L’hôpital universitaire d’Oslo recommande une radiothérapie adjuvante du site tumoral pour les lésions primaires d’un diamètre supérieur à 2 cm et pour les lésions primaires d’un diamètre inférieur à 2 cm qui ont été retirées avec des marges positives ou peu claires et pour lesquelles une nouvelle division n’est pas possible. .
Pharmacothérapie |
La chimiothérapie a généralement un taux de réponse élevé dans le carcinome métastatique à cellules de Merkel.
La durée de réponse est courte, avec une durée médiane de deux à neuf mois. Le traitement est associé à un risque élevé d’événements indésirables graves, tels qu’une toxicité hématologique ou gastro-intestinale, une insuffisance rénale, une septicémie et la mort. Les patients atteints d’une maladie métastatique sans comorbidités significatives doivent être envisagés pour une chimiothérapie.
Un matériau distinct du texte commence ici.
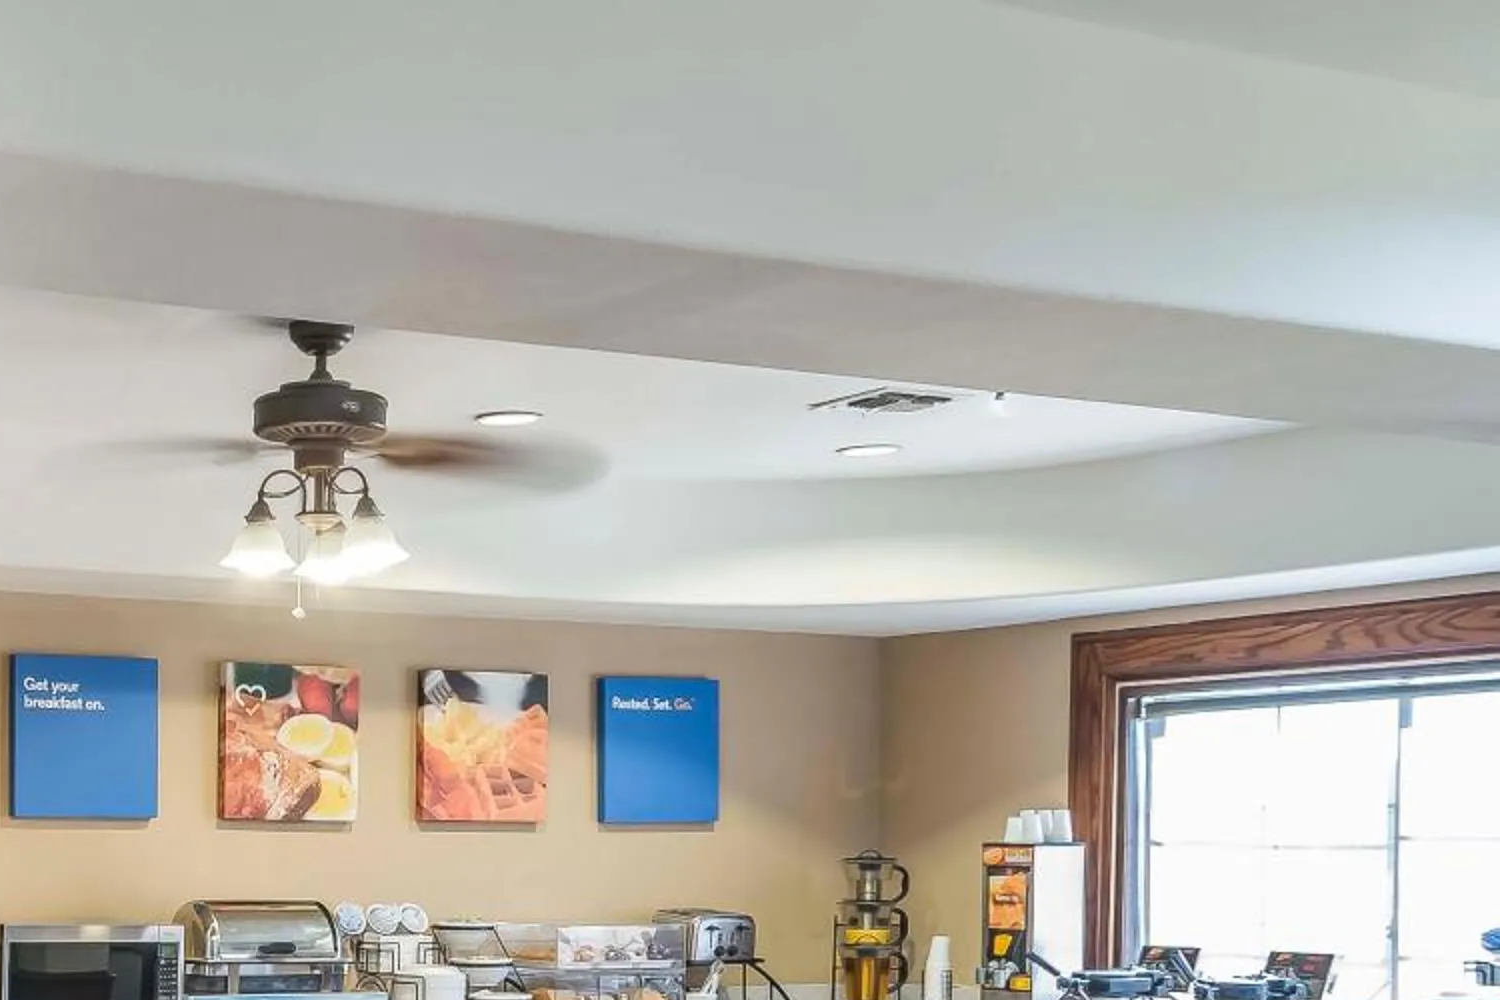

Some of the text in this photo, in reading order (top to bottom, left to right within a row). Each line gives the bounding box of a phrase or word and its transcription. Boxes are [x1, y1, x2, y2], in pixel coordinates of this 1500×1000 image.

[23, 676, 80, 694] Get your
[23, 694, 105, 711] breakfast on.
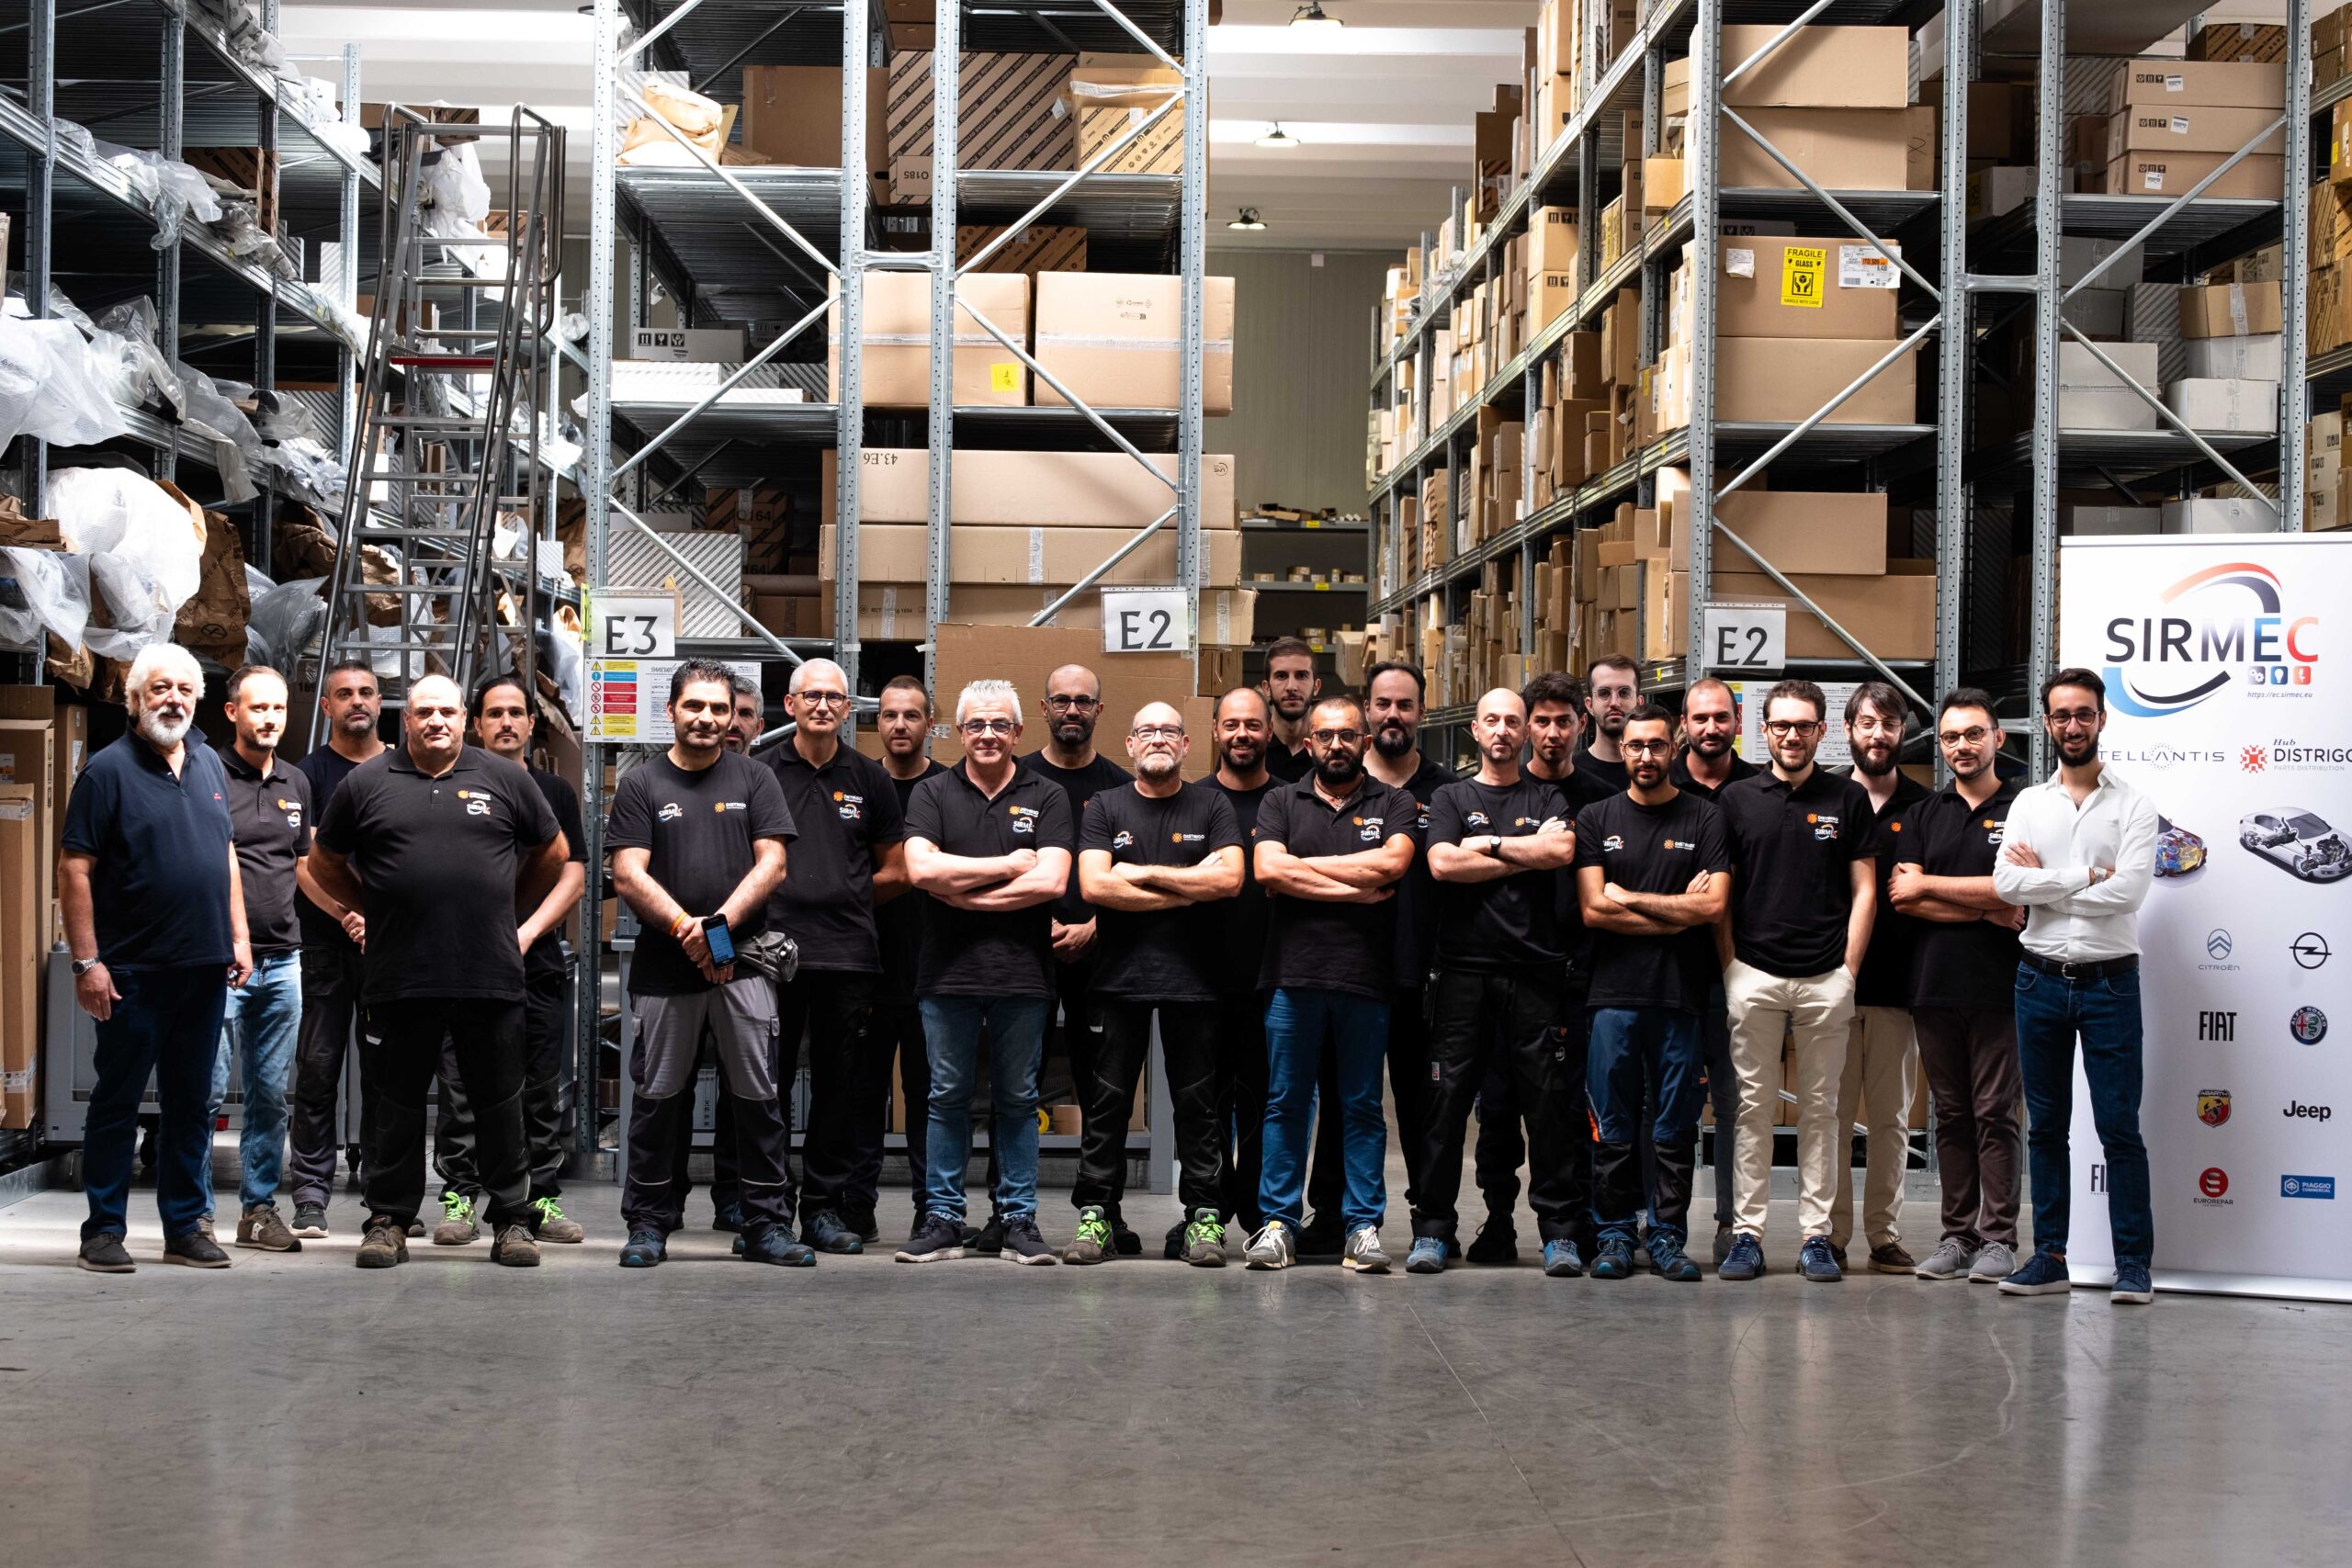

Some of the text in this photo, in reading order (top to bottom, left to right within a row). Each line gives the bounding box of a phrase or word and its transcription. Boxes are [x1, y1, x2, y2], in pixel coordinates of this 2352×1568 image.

[1787, 249, 1822, 258] FRAGILE
[1795, 260, 1813, 268] GLASS
[864, 453, 898, 465] 43.E6
[605, 616, 658, 655] E3
[1120, 610, 1172, 649] E2
[2106, 616, 2319, 662] SIRMEC
[1717, 626, 1768, 666] E2
[2098, 750, 2224, 761] TELLANTIS
[2199, 1011, 2237, 1042] FIAT
[2283, 1100, 2331, 1122] Jeep
[2193, 1197, 2233, 1205] EUROREPAR
L’électrochimiothérapie est un traitement palliatif local qui associe la chimiothérapie à des impulsions électriques. Les impulsions électriques sont délivrées via des électrodes placées sur la tumeur. L’électrochimiothérapie est principalement utilisée pour soulager les symptômes des lésions cutanées exsudatives ou nauséabondes.
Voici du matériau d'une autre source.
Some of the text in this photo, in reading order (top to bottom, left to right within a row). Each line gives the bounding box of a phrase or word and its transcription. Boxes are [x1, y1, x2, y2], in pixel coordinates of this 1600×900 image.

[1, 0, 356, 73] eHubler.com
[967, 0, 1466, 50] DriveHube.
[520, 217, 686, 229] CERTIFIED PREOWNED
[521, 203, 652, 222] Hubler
La perfusion des extrémités isolées peut être une alternative aux métastases en transit ou aux récidives non résécables des extrémités. L’électrochimiothérapie et la perfusion de membres isolés sont réalisées sous anesthésie générale.
Suivi |
Les patients atteints d’un carcinome à cellules de Merkel présentent un risque élevé de récidive locale et régionale et de métastases à distance. Ils doivent bénéficier d’un suivi régulier, principalement dans un service d’oncologie. Le délai médian avant récidive est de 8 à 9 mois et 90 % des récidives surviennent dans un délai de 2 ans.
Le suivi doit inclure une inspection de la peau et une palpation des ganglions lymphatiques. L’imagerie doit être utilisée sur une base individuelle, en fonction des résultats cliniques et du profil de risque. Pour les patients porteurs d’anticorps contre le polyomavirus à cellules de Merkel, l’augmentation du titre d’anticorps peut être un indicateur précoce de récidive.
Un examen radiologique par TDM ou TEP/TDM est recommandé annuellement pendant les deux premières années ou selon les indications. Les patients présentant de nombreux changements cutanés induits par le soleil peuvent être orientés vers un dermatologue.